It has been easier for smaller collection agencies who are clients of the Bedard Law Group to abandon using automated dialing technology than for larger agencies, John Bedard said during a webinar hosted by AccountsRecovery.net — and sponsored by WebRecon.
“There have been a lot of clients that did not change their behavior, and that’s been a surprise,” Bedard said during the webinar. “Because not a week goes by that you don’t see a big [TCPA] settlement announcements.”
Bedard spoke alongside Tom Good, the managing attorney of the law firm of Barron & Newburger, Joann Needleman, the consumer finance practice leader at the law firm of Clark Hill, and Lewis Wiener, the head of the TCPA practice at the law firm of Sutherland, Asbill & Brennan. The topic for the webinar was to discuss the impact of the July 2015 declaratory order issued by the Federal Communications Commission that amended the Telephone Consumer Protection Act. The objective of the discussion was to analyze what had changed in the industry — and what had not changed — since the order was issued.

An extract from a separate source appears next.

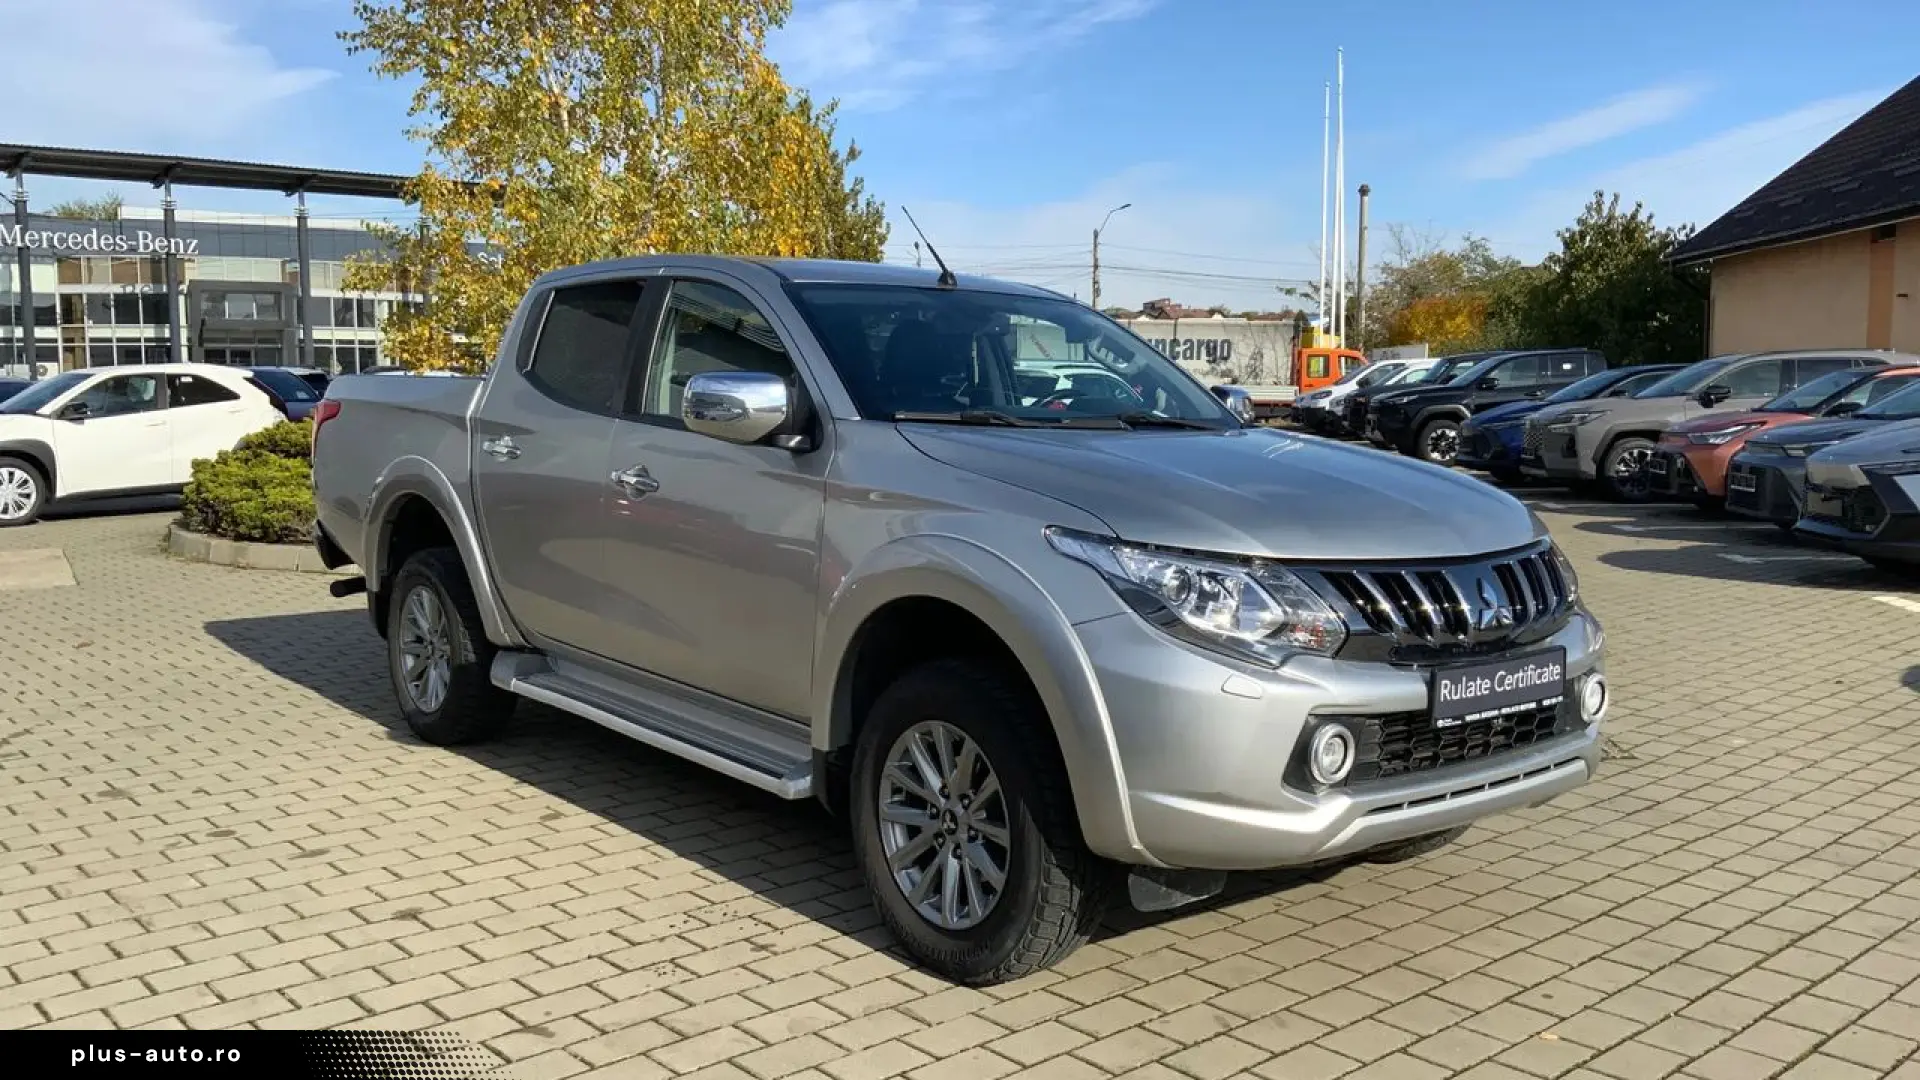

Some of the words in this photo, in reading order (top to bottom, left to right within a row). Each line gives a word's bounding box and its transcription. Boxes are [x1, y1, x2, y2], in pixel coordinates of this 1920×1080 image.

[0, 224, 199, 255] Mercedes-Benz
[1440, 675, 1491, 702] Rulate
[1494, 663, 1561, 692] Certificate

When it comes to dealing with the TCPA and trying to contact individuals via their mobile phones, Wiener had a very apt analogy.
“You’re swimming in shark-infested waters,” Wiener said during the webinar. “The advice we give is to take as few laps as possible.”

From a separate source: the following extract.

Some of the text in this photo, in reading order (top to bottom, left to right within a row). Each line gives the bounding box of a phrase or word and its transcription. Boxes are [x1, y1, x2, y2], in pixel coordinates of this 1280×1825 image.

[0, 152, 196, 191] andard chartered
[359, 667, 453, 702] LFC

While the panel was mostly surprised that automated dialing technology had not been completely abandoned in the wake of the FCC’s order, which prohibits companies from contacting individuals via their mobile phones using automated dialers, unless the company has expressed permission to do so, they did caution companies that having clear processes for knowing how phone numbers were obtained, and having clear processes when consent is revoked remains vitally important. Under the order, companies must stop contacting individuals when consent is revoked.
“Revocation is the most important thing to remember,” Needleman said during the webinar. “It needs to be enhanced.”
Regardless of the processes put in place, companies still run the risk of being sued, Good said.
“There is no silver bullet that protects someone from all the TCPA risk,” Good said. “Companies have to recognize the level of risk; there is no foolproof methodology.”
Wiener said the types of individuals who end up filing lawsuits against companies alleging TCPA violations can be broken down into three categories. The first two categories are professional plaintiffs and set-up cases – people who make their living by suing other companies or who are coaxed by plaintiffs’ attorneys to file lawsuits against companies. But it’s the third category — the people who get fed up because someone will not stop calling — that’s the group that companies have to worry about. Because that’s the group that can most easily be fixed, Wiener said.
Wiener recounted one case where a company kept calling a number looking for an individual, but the number had been re-assigned. When the individual who had the number now kept telling the company to stop calling, the representative said that only the customer could change the number on the account.
The settlements referenced by Bedard are forcing agencies to stay on their toes. Signing up for newsletters and alerts from publishers — like AccountsRecovery.net — and law firms can help companies stay informed about the latest changes that could affect how calls are made.
Companies should also not be waiting for ACA International’s lawsuit against the FCC to be resolved before making changes to their operations, Good said.
“It would be great if the ACA suit ends in our favor, but you can’t wait for the ruling,” Good said. “If the ACA wins, it’s easy to adjust. But if you wait and the case doesn’t get resolved positively, you’re facing another year of liability.”